● **PROBLEM TO WORK ON**
Give back the listing in full and exactly, leaving out the images.

#### RECORD SET

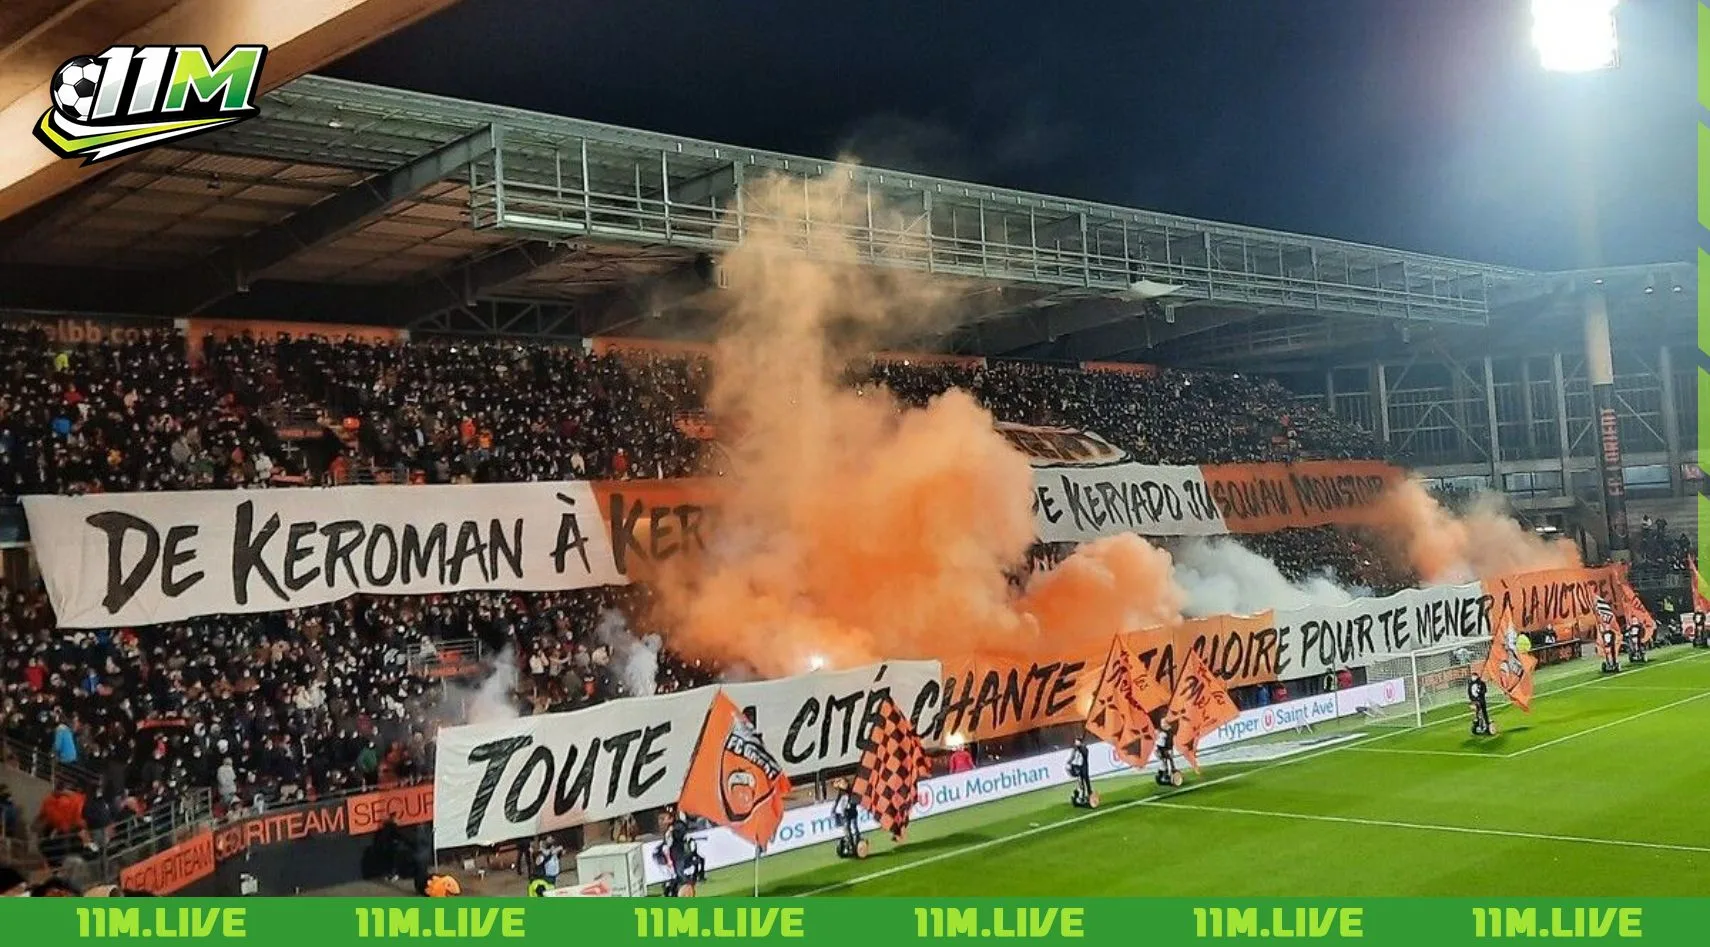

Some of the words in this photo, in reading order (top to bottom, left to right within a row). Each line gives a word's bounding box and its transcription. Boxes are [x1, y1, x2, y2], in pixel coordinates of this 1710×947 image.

[86, 511, 204, 614] DE
[233, 500, 523, 605] KEROMAN
[549, 492, 591, 575] À
[610, 493, 708, 575] KER
[1060, 474, 1184, 531] KERYADO
[466, 721, 672, 838] TOUTE
[782, 665, 892, 764] CITÉ
[911, 661, 1086, 741] CHANTE
[1301, 613, 1375, 668] POUR
[1379, 606, 1411, 651] TE
[1415, 594, 1495, 645] MENER
[1218, 717, 1259, 740] Hyper
[1276, 703, 1309, 725] Saint
[1311, 697, 1334, 718] Avé
[936, 785, 960, 804] du
[966, 766, 1049, 798] Morbihan
[769, 821, 805, 842] os

########

● **ANSWER SPACE**
Some of the words in this photo, in reading order (top to bottom, left to right within a row). Each line gives a word's bounding box and its transcription. Boxes are [x1, y1, x2, y2], in pixel coordinates of this 1710×947 image.

[86, 511, 204, 614] DE
[233, 500, 523, 605] KEROMAN
[549, 492, 591, 575] À
[610, 493, 708, 575] KER
[1060, 474, 1184, 531] KERYADO
[466, 721, 672, 838] TOUTE
[782, 665, 892, 764] CITÉ
[911, 661, 1086, 741] CHANTE
[1301, 613, 1375, 668] POUR
[1379, 606, 1411, 651] TE
[1415, 594, 1495, 645] MENER
[1218, 717, 1259, 740] Hyper
[1276, 703, 1309, 725] Saint
[1311, 697, 1334, 718] Avé
[936, 785, 960, 804] du
[966, 766, 1049, 798] Morbihan
[769, 821, 805, 842] os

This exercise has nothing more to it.